**WHAT YOU HAVE TO DO**
The required result is an exact copy of the lines beginning at the line that contains "this 1932×1932 image." and ending at the last line of the material below.

Content starts

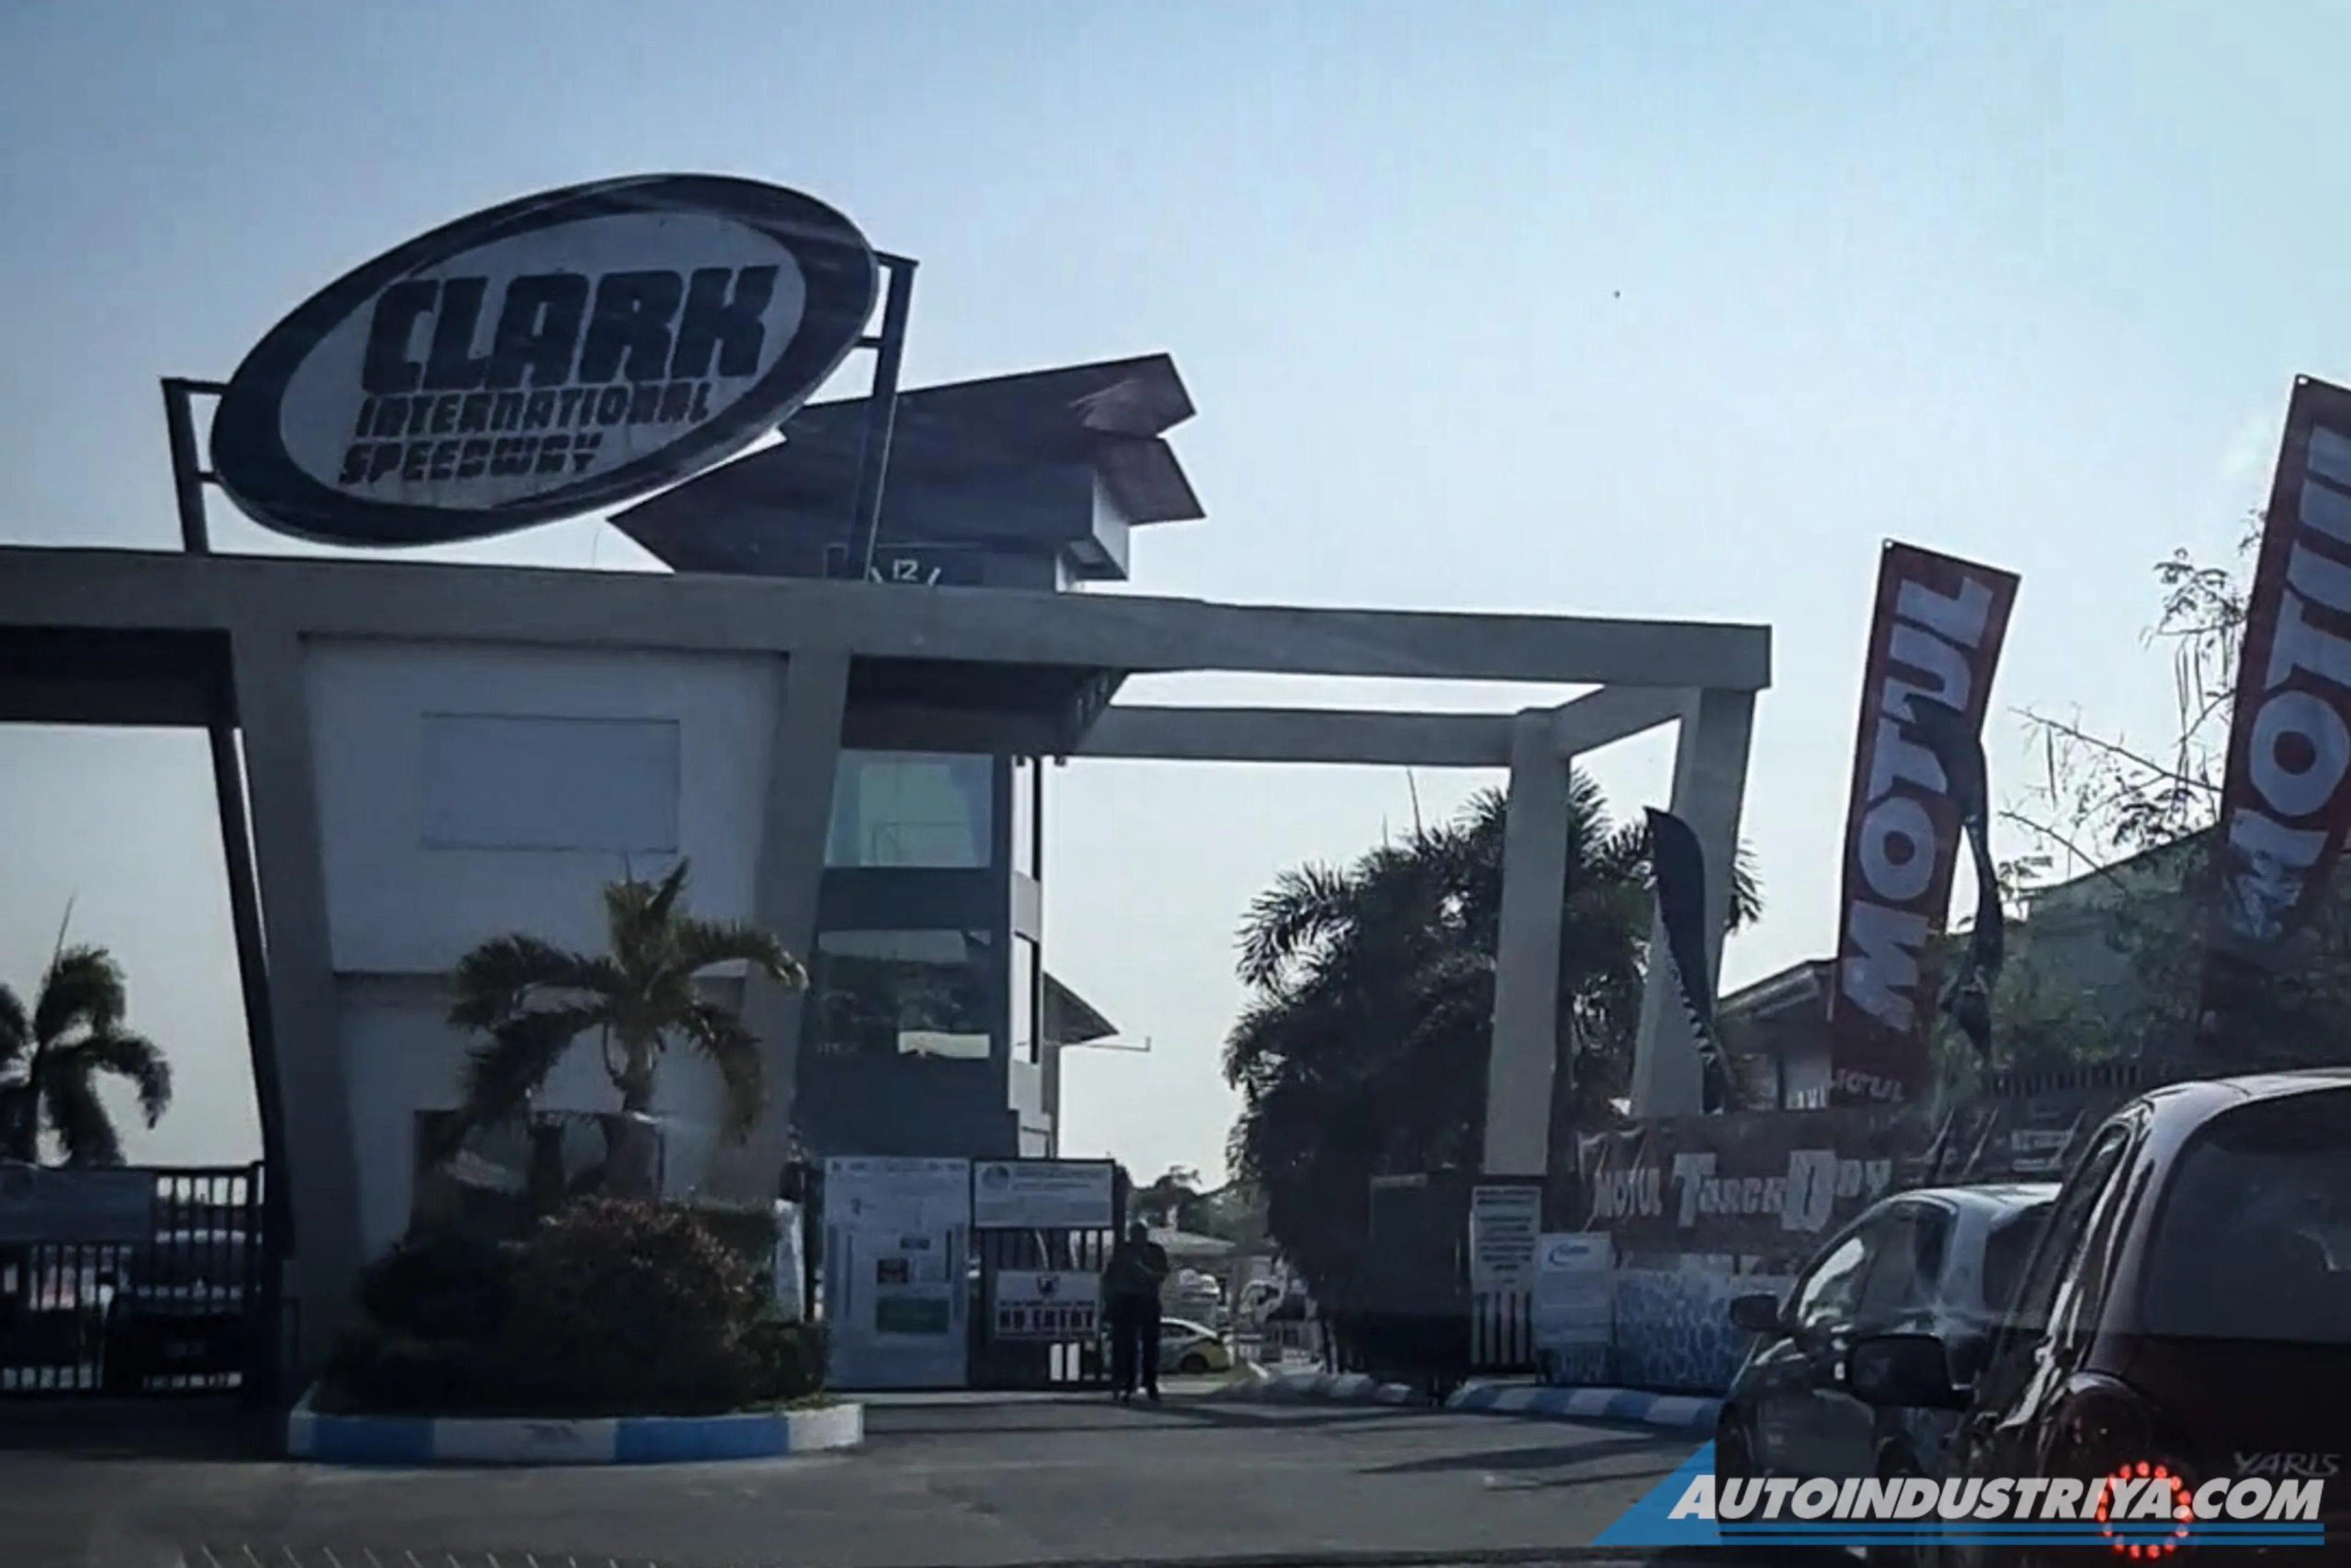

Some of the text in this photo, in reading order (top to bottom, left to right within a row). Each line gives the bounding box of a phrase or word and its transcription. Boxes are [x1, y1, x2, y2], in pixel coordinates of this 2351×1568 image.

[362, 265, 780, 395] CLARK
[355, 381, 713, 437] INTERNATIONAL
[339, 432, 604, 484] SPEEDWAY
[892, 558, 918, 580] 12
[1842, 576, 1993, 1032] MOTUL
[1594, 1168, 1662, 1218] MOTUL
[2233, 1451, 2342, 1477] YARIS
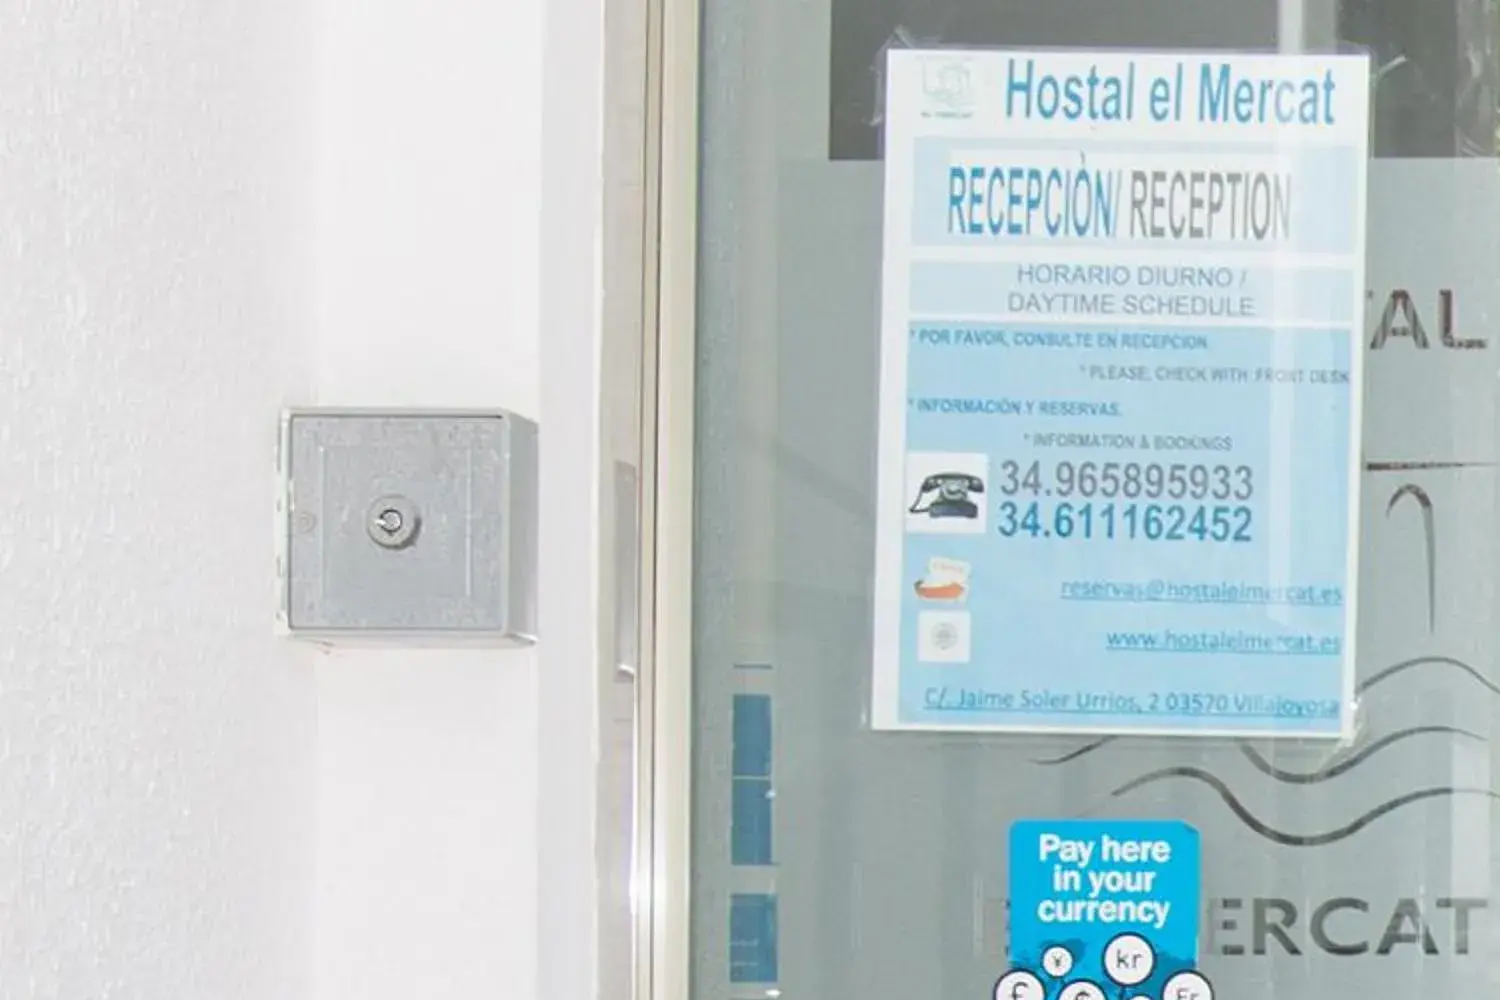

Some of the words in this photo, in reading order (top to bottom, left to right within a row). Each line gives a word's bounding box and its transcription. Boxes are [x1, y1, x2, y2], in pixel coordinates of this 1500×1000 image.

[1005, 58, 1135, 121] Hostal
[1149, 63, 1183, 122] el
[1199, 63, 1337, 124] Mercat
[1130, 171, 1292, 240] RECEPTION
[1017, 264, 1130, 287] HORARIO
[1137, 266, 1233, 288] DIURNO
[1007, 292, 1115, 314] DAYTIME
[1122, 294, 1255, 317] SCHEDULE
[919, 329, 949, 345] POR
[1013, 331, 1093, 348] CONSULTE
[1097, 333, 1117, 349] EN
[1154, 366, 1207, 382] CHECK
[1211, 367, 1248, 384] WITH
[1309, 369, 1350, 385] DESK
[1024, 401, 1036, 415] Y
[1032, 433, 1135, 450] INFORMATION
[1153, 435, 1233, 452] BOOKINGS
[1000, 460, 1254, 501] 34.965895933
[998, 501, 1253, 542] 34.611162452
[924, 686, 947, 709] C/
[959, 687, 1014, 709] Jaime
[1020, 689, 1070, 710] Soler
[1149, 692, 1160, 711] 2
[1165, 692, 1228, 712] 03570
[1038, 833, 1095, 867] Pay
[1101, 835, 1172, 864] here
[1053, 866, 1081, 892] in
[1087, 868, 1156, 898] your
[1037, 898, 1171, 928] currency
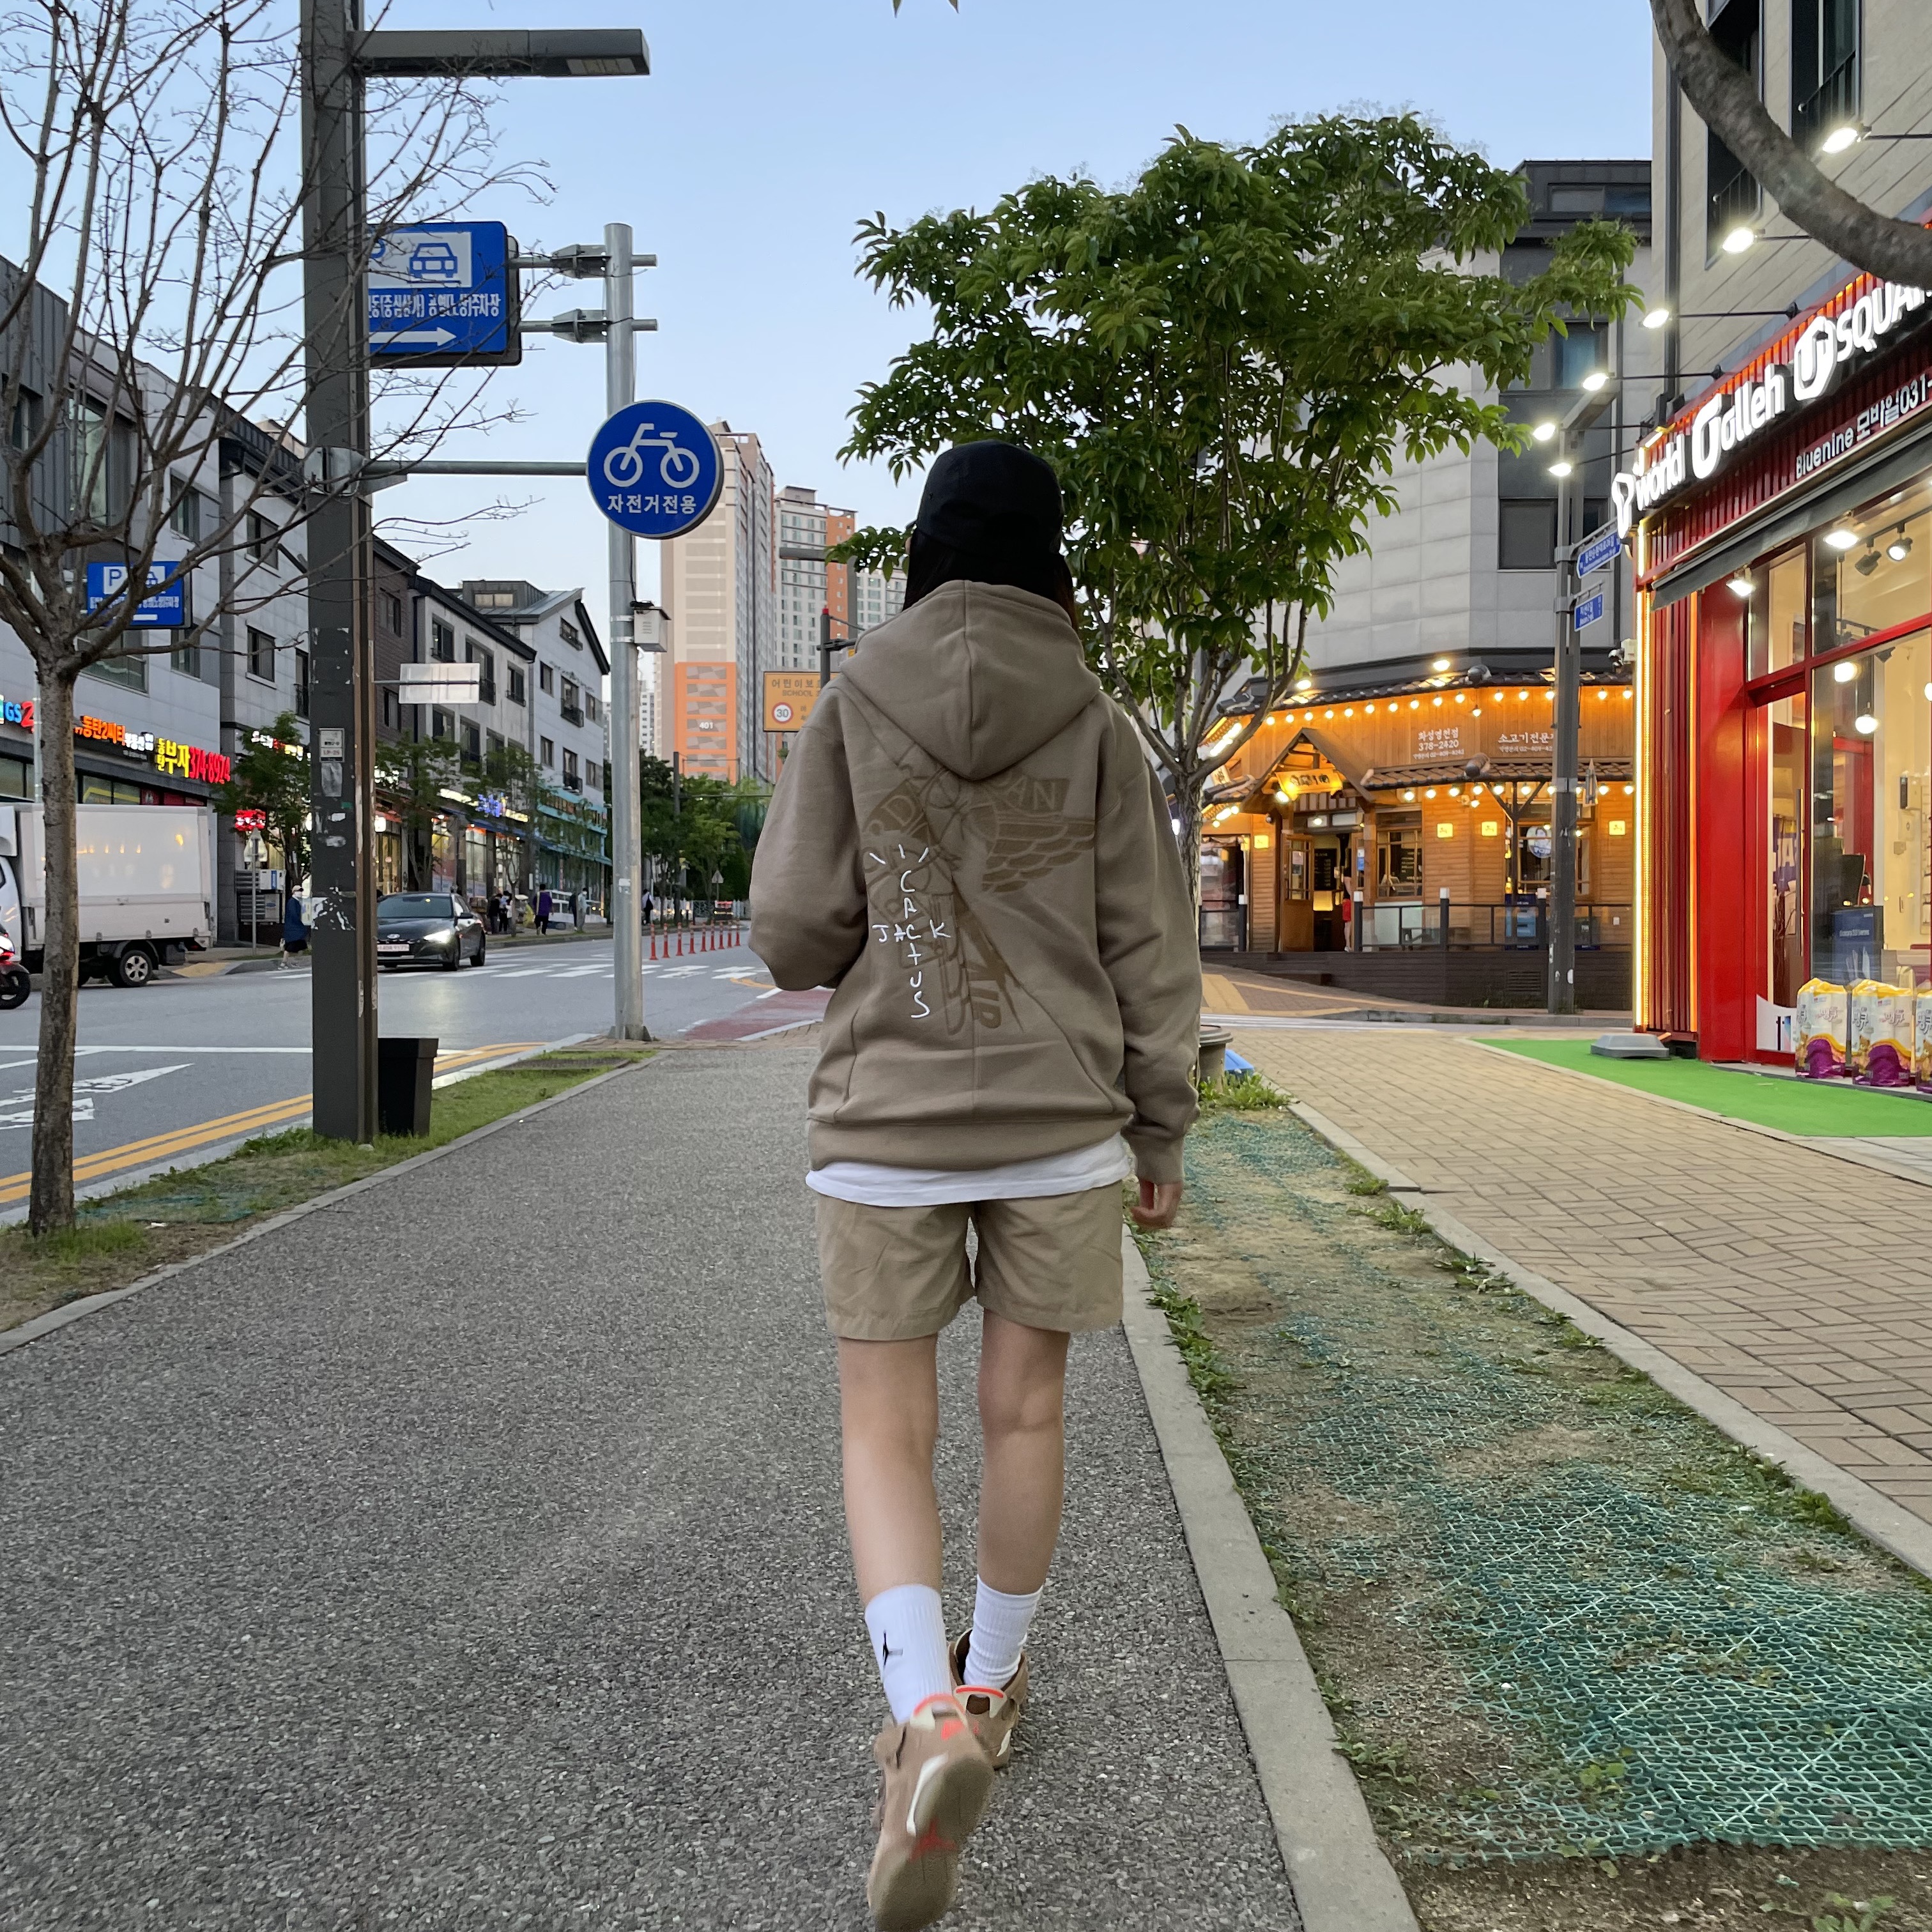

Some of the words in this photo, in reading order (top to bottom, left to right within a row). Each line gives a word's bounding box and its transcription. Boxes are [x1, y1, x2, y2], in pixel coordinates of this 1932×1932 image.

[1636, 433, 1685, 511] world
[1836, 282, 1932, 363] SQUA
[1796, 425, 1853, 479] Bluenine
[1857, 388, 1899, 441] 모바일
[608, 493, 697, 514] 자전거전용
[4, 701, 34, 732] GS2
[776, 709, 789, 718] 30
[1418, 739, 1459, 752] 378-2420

Content ends

**TASK SOLUTION**
Some of the words in this photo, in reading order (top to bottom, left to right within a row). Each line gives a word's bounding box and its transcription. Boxes are [x1, y1, x2, y2], in pixel coordinates of this 1932×1932 image.

[1636, 433, 1685, 511] world
[1836, 282, 1932, 363] SQUA
[1796, 425, 1853, 479] Bluenine
[1857, 388, 1899, 441] 모바일
[608, 493, 697, 514] 자전거전용
[4, 701, 34, 732] GS2
[776, 709, 789, 718] 30
[1418, 739, 1459, 752] 378-2420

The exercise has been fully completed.